Observation. Let \(a\), \(b\), and \(c\) be integers.

  1. If \(a\vert b\) and \(b\vert c\), then \(a\vert c\).

  2. If \(a\vert b\) and \(a\vert c\), then \(a\vert (bx+cy)\) for all integers \(x\) and \(y\).

  1. Suppose \(a\vert b\) and \(b\vert c\). Then \(b=ra\) and \(c=sb\) for some integer \(r\) and \(s\). So \(c=sb=s(ra)=(sr)a\) is divisible by \(a\).
  2. Suppose \(a\vert b\) and \(a\vert c\). Then \(b=ra\) and \(c=sa\) for some integer \(r\) and \(s\). So for any integers \(x\) and \(y\), \(bx+cy=rax+say=(rx+sy)a\) is divisible by \(a\). ◼

Other divisibility properties can be obtained similarly.
Proposition. The following are true for all integers \(a\) and \(b\).

  1. If \(a\vert b\), then \(a\leq |a|\leq |b|\).

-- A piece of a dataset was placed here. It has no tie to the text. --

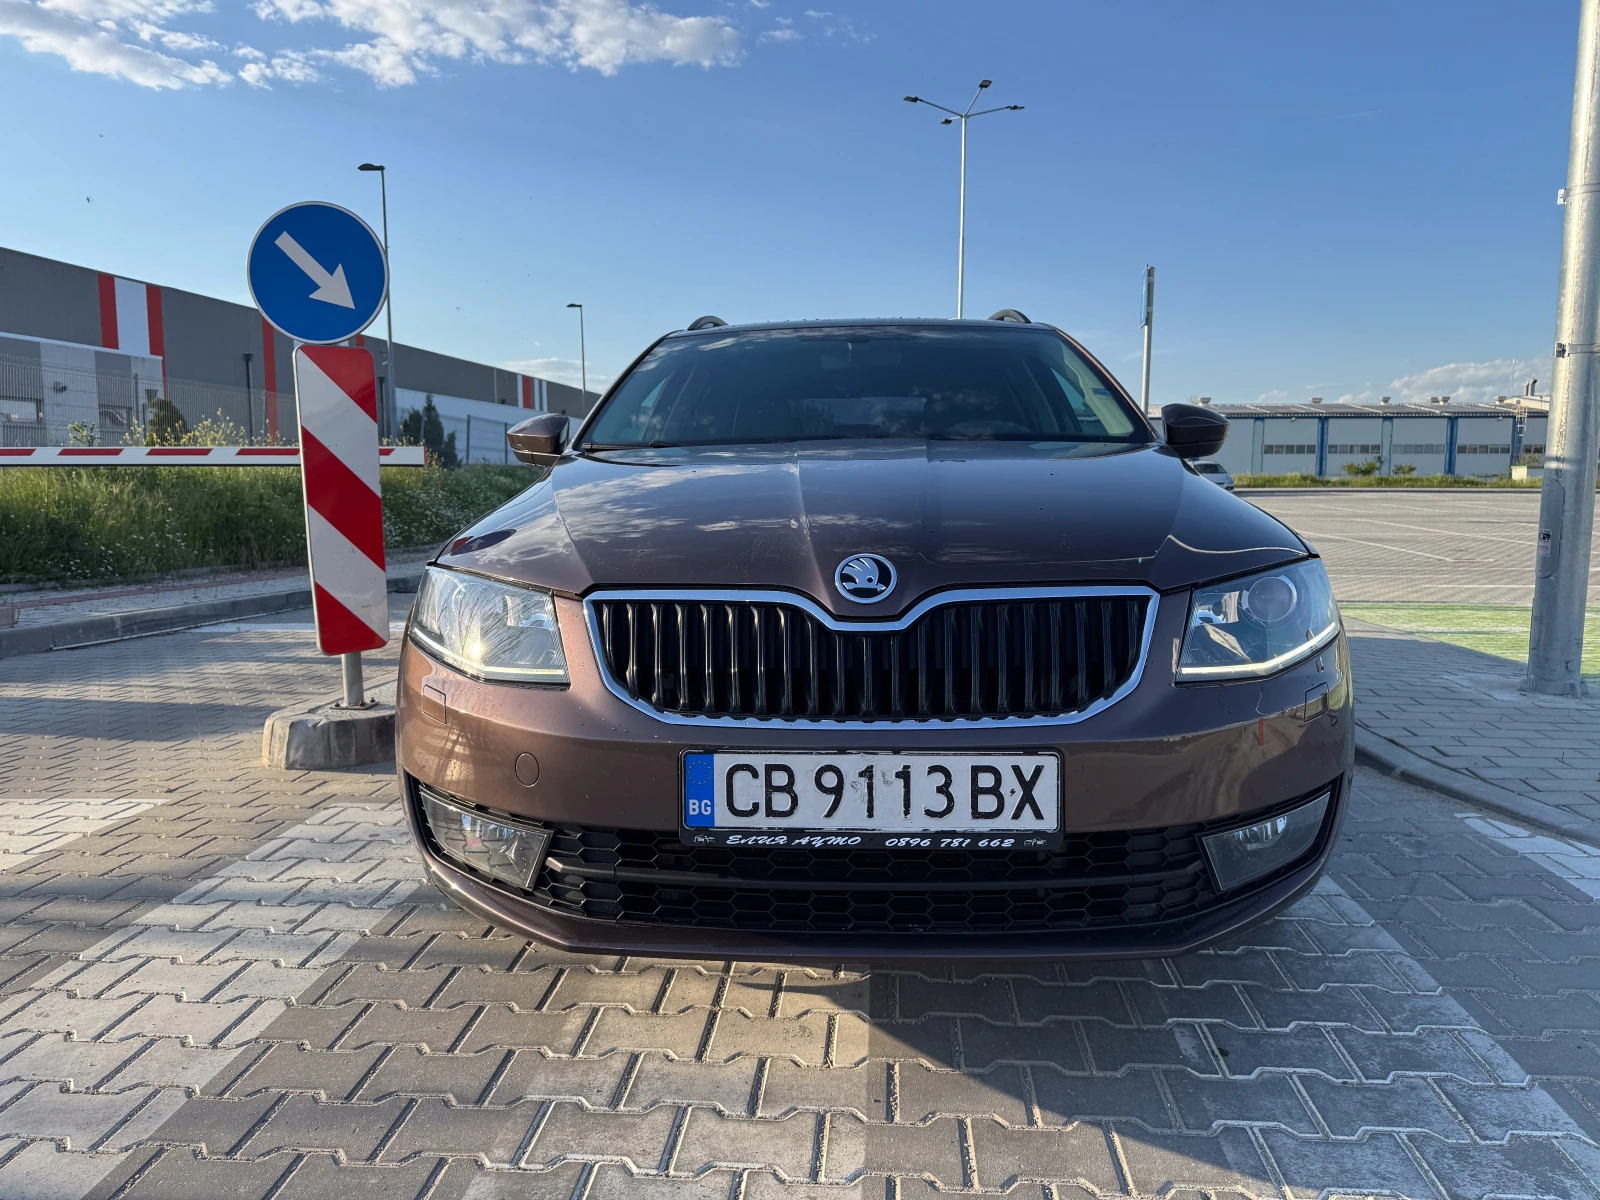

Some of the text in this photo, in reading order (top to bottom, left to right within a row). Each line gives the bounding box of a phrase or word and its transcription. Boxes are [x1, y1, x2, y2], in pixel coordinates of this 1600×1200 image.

  2. If \(a\vert b\) and \(b\vert a\), then \(a=\pm b\).

Theorem. (Division Theorem) For given two integers \(a\) and \(b\) where \(b>0\), we can write \(a=bq+r\) for some unique integers \(q\) and \(r\) where \(0\leq r< b\).

Proof. If \(b\vert a\), then \(q=a/b\) and \(r=0\). Suppose \(b\nmid a\). Let \[S=\{a-kb\;|\;k\in \mathbb Z \text{ such that } a-kb> 0\}.\] Note that \(S\subseteq \mathbb N\). Note \(a-(-1-|a|)b\geq b>0\). So \(a-(-1-|a|)b\in S\) and thus \(S\neq \varnothing\). By the well-ordering principle (every non-empty set of positive integers contains a least element) \(S\) has a smallest element, say \(r\). Then \(r=a-qb>0\) for some \(q\in \mathbb Z\). So \(a=bq+r\).

Now we show \(r< b\). If \(r=b\), then \(a=bq+b=(q+1)b\) is divisible by \(b\), a contradiction. Let \(r> b\). Then \(a-(q+1)b=(a-qb)-b=r-b>0\). So \(r-b\in S\) contradicting that \(r\) is the smallest element in \(S\). Thus \(r< b\).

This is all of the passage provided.